真実であれば、帝国がその気になれば大陸——いや世界をたやすく支配できるということになるからだ。

 もっとも今にかぎった話をするならば、ラインハルトがクレーター内へ歩を進めているから、さらに続けて砲撃される心配はしなくていいだろう。

 ひとまずそのくらいで地上の観察を止めて、ヤマトは続いて空へ視線を投げた。


(竜たちはまだ健在か。だが、さすがに警戒を強めているらしい)


 空に座し、凄絶な戦いを繰り広げていたヒカルと魔王にちょっかいを出し続けていた竜たち。

 彼らは先の砲撃からまぬがれたらしいが、その威力は脅威に映ったのだろう。今は慎重に地上の様子を窺い、ヒカルたちのもとへ歩を進めるラインハルトを見守るに留まっていた。

 あれならば、ひとまず竜たちの存在を忘れてもいいだろう。


(やはり問題はラインハルトか)


 再び、視線を地上へ戻す。

 ラインハルト。

 悠然と歩を進める彼の目的が、まだ立ちあがれないでいるヒカルと魔王にトドメを刺すこと——それをもって帝国に安寧をもたらすことにあるのは、火を見るよりも明らかだった。

 本音を言えば、彼が魔王のみを討滅して、ことを終わらせてくれればいいのだが——、


(それに期待して何もしないというのも、違うだろう)


 だから、ノアたちはあそこへ急行している。

 単なる力押しでラインハルトを退けられるとは思わないが、彼女らは——特にノアは弁がたつ。口八丁でラインハルトをなだめ、ヒカルを救出する見込みは高いはずだ。


「それさえ済めば……ひとまず一件落着か?」


 魔王の暴走から端を発した件が、これで終わるのか。

 今ひとつ釈然としない部分こそ残るものの、平穏に済んでくれるならばそれに越したことはない。

 そんな思いで、ほっと溜め息をもらそうとして——、




『———!!』




 眼を疑った。

 クレーターの奥底。
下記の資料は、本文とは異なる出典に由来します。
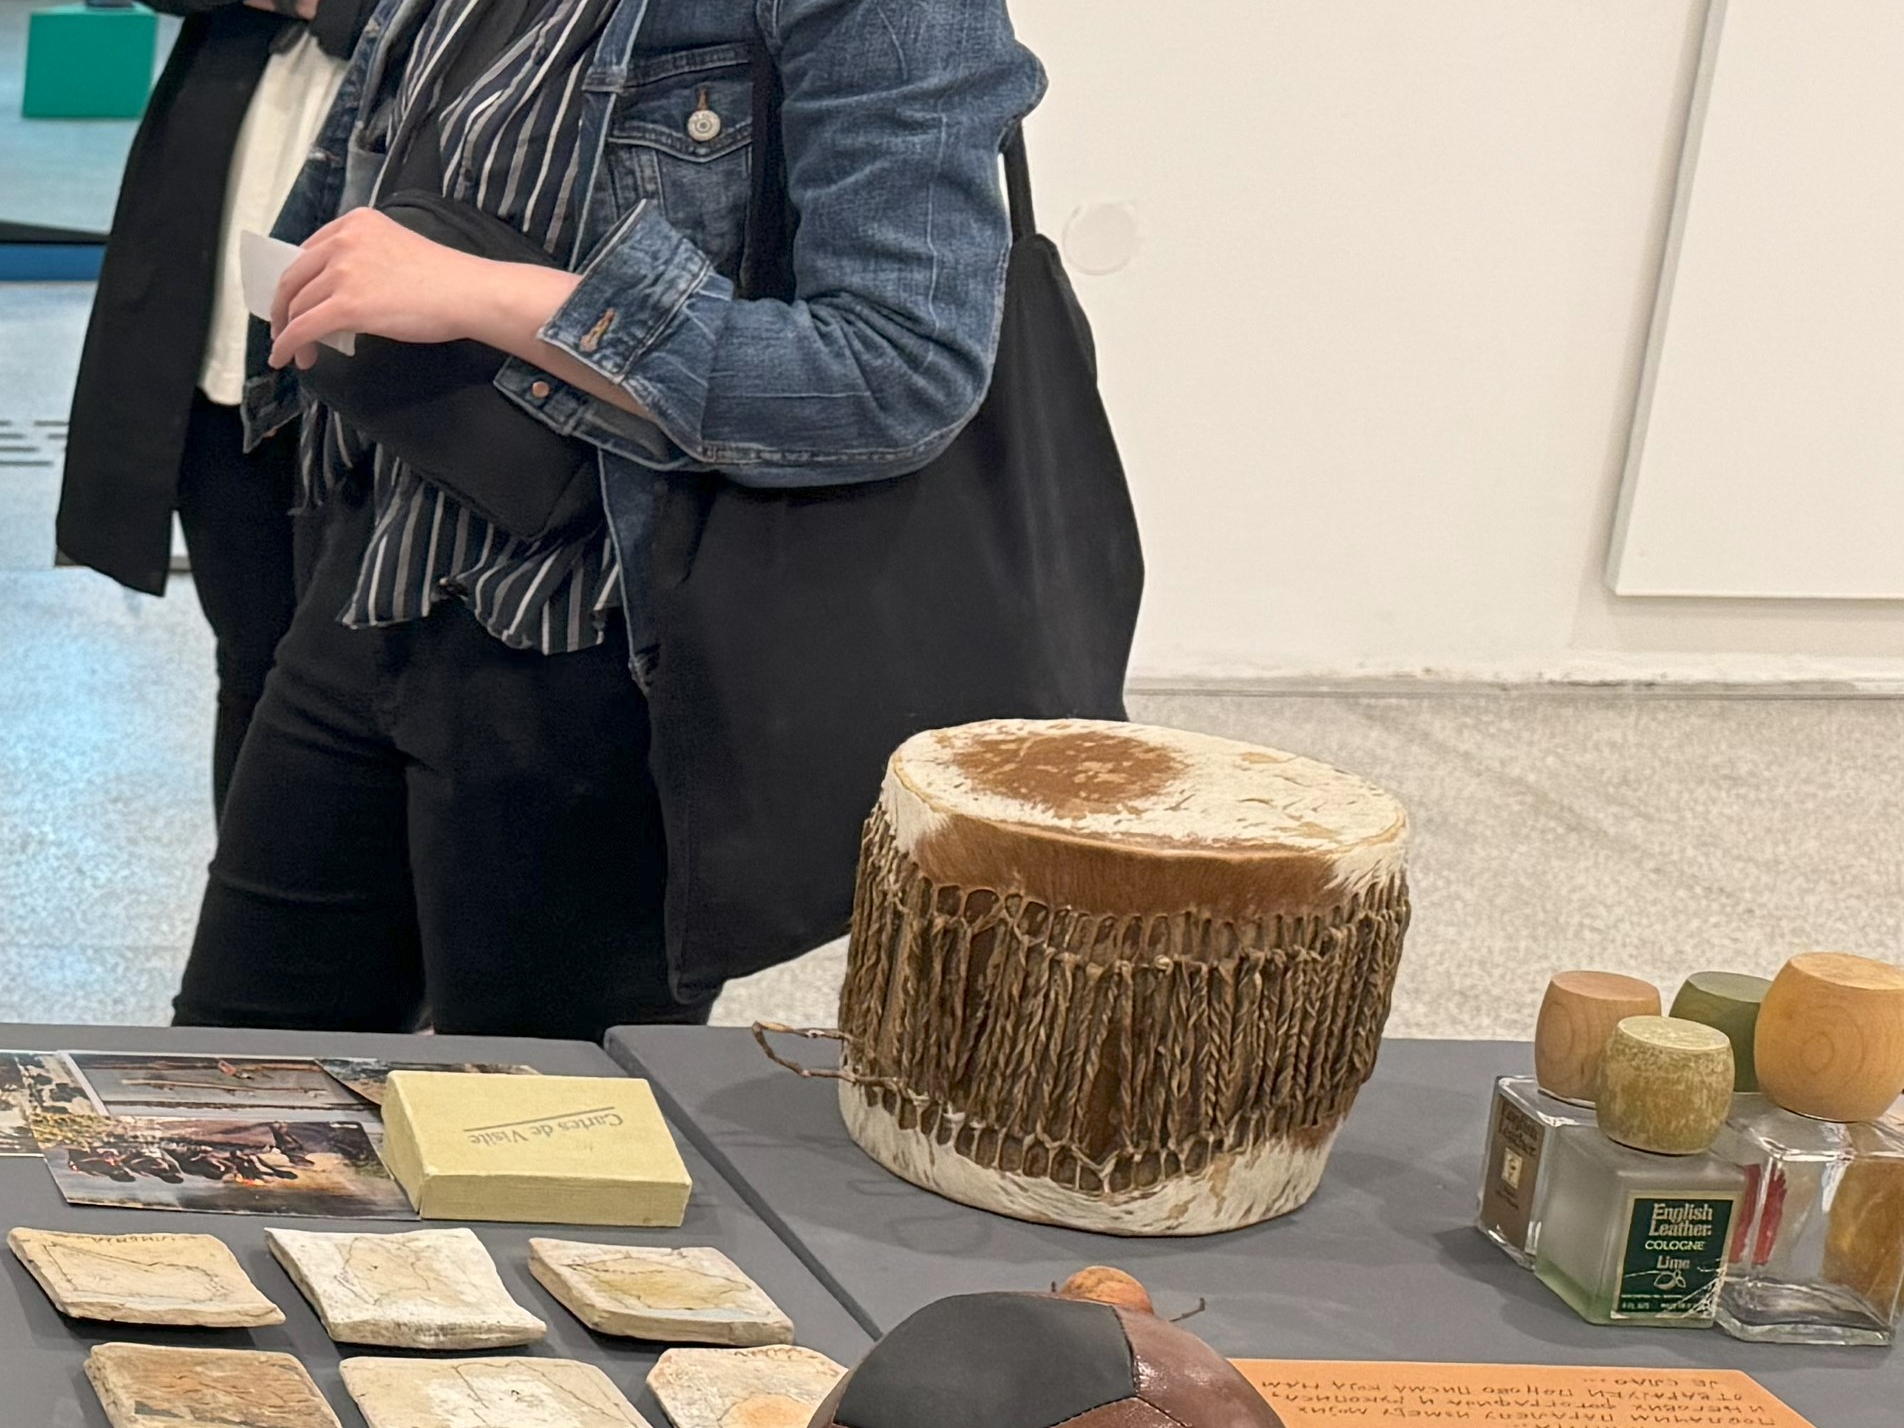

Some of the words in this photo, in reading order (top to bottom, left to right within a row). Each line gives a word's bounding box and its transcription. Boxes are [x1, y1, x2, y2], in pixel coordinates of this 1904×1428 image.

いちばん深いところのヒビ割れた地面で、なにやら“黒いモノ”が蠢動したかと思えば。

 よろめきながら立とうとしていた魔王の身体を、丸ごと飲みこんだのだ。


「な……ッ!?」


 何が起きたのか、すぐに理解することができない。

 数秒してから、魔王を丸飲みにしたモノの正体に気がついた。


「黒竜だと!?」

『———ッ!!』


 魔王を喰らった歓喜ゆえか。ヤマトの叫びに応えてか。

 地の底から這いあがった黒竜は、帝国の暴威により静寂のもたらされた戦場に、今再び鬨の声をあげた。